» **Supplied records**
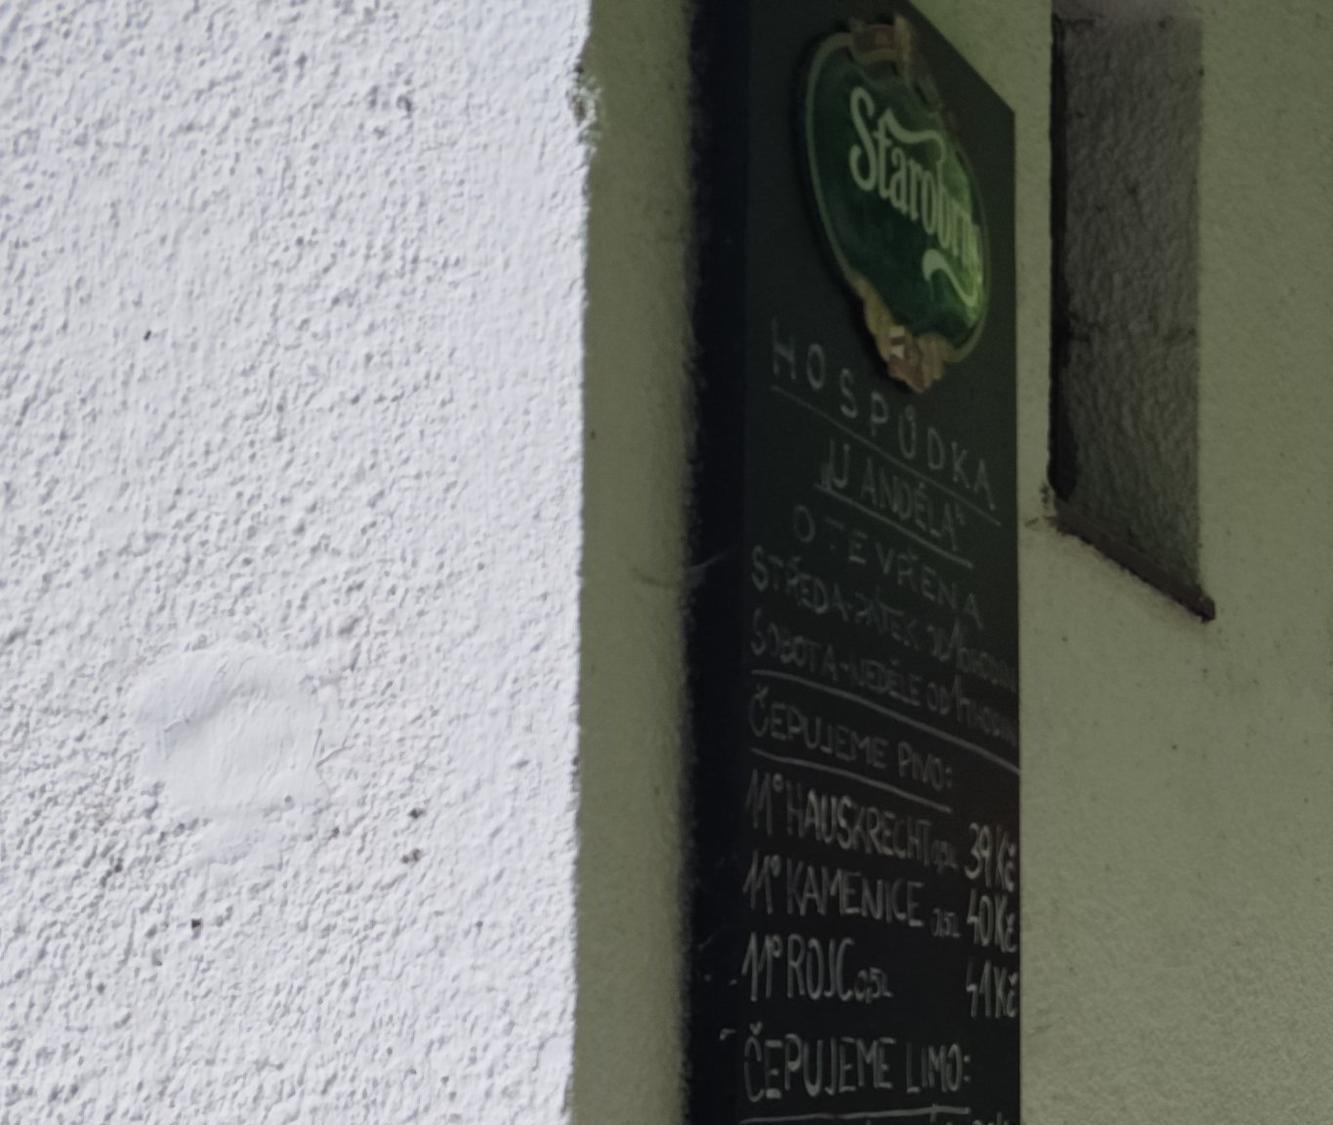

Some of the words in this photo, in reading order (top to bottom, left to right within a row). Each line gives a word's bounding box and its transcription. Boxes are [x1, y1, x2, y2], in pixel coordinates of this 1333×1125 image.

[748, 684, 889, 770] ČEPUJEME
[786, 856, 925, 928] KAMENICE
[744, 1020, 896, 1102] ČEPUJEME
[905, 1042, 971, 1094] LIMO:
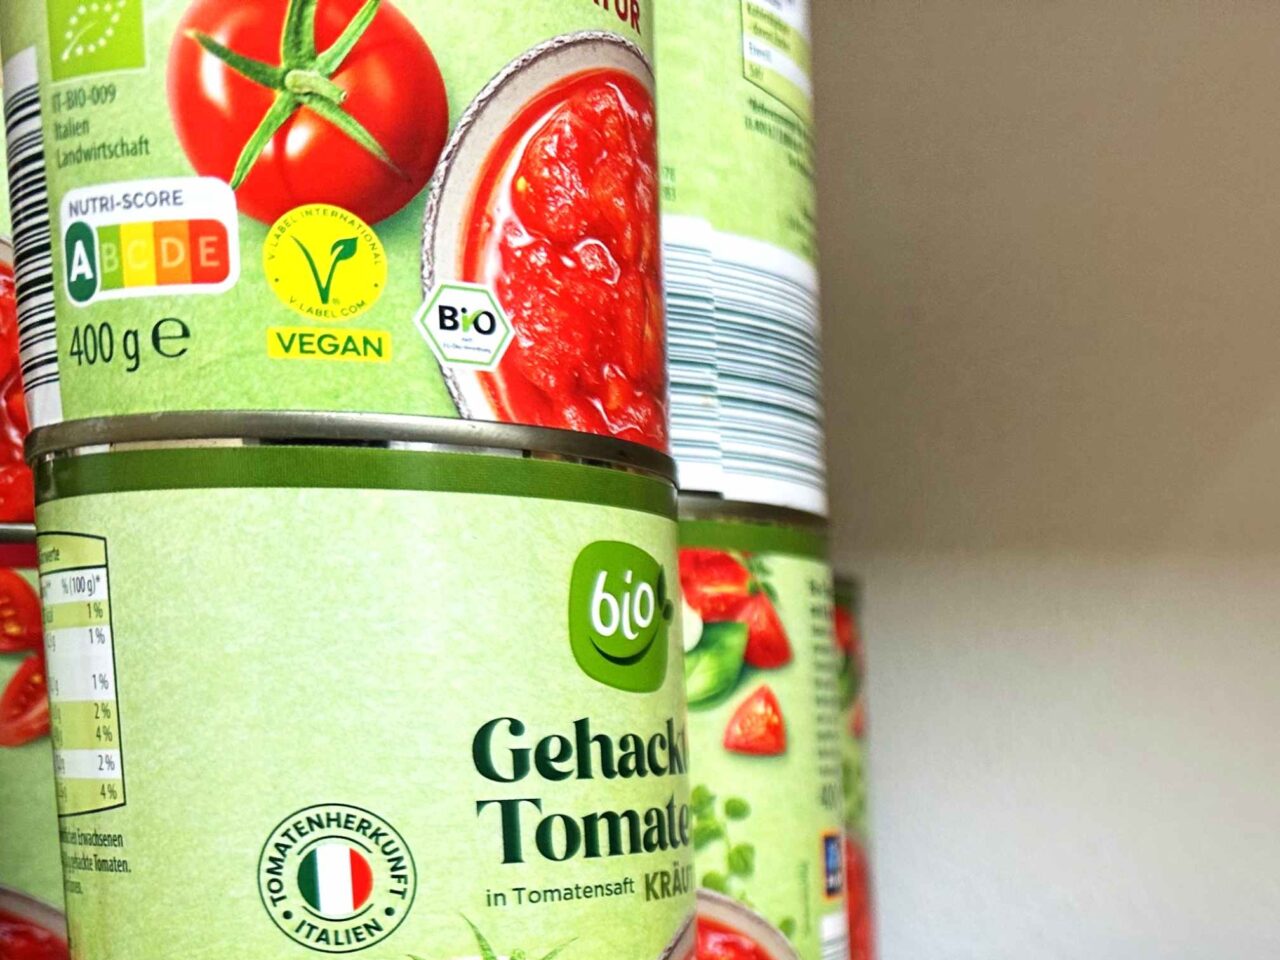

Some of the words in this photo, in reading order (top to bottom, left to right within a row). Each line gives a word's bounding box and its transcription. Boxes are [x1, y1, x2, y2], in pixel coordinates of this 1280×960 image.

[51, 83, 117, 113] IT-BIO-009
[54, 118, 90, 141] Italien
[57, 135, 151, 169] Landwirtschaft
[68, 190, 184, 217] NUTRI-SCORE
[70, 239, 94, 282] A
[101, 242, 119, 273] B
[127, 239, 149, 270] C
[160, 236, 186, 268] D
[198, 236, 220, 267] E
[69, 322, 114, 366] 400
[123, 329, 140, 372] g
[276, 332, 383, 357] VEGAN
[591, 569, 655, 640] bio
[266, 812, 408, 907] TOMATENHERKUNFT
[486, 889, 506, 907] in
[512, 877, 636, 905] Tomatensaft
[294, 918, 383, 946] ITALIEN

» **Work task**
Quote the preceding records in their entirety, excluding every picture.

» **Response area**
Some of the words in this photo, in reading order (top to bottom, left to right within a row). Each line gives a word's bounding box and its transcription. Boxes are [x1, y1, x2, y2], in pixel coordinates of this 1333×1125 image.

[748, 684, 889, 770] ČEPUJEME
[786, 856, 925, 928] KAMENICE
[744, 1020, 896, 1102] ČEPUJEME
[905, 1042, 971, 1094] LIMO:

Some of the words in this photo, in reading order (top to bottom, left to right within a row). Each line gives a word's bounding box and its transcription. Boxes are [x1, y1, x2, y2], in pixel coordinates of this 1280×960 image.

[51, 83, 117, 113] IT-BIO-009
[54, 118, 90, 141] Italien
[57, 135, 151, 169] Landwirtschaft
[68, 190, 184, 217] NUTRI-SCORE
[70, 239, 94, 282] A
[101, 242, 119, 273] B
[127, 239, 149, 270] C
[160, 236, 186, 268] D
[198, 236, 220, 267] E
[69, 322, 114, 366] 400
[123, 329, 140, 372] g
[276, 332, 383, 357] VEGAN
[591, 569, 655, 640] bio
[266, 812, 408, 907] TOMATENHERKUNFT
[486, 889, 506, 907] in
[512, 877, 636, 905] Tomatensaft
[294, 918, 383, 946] ITALIEN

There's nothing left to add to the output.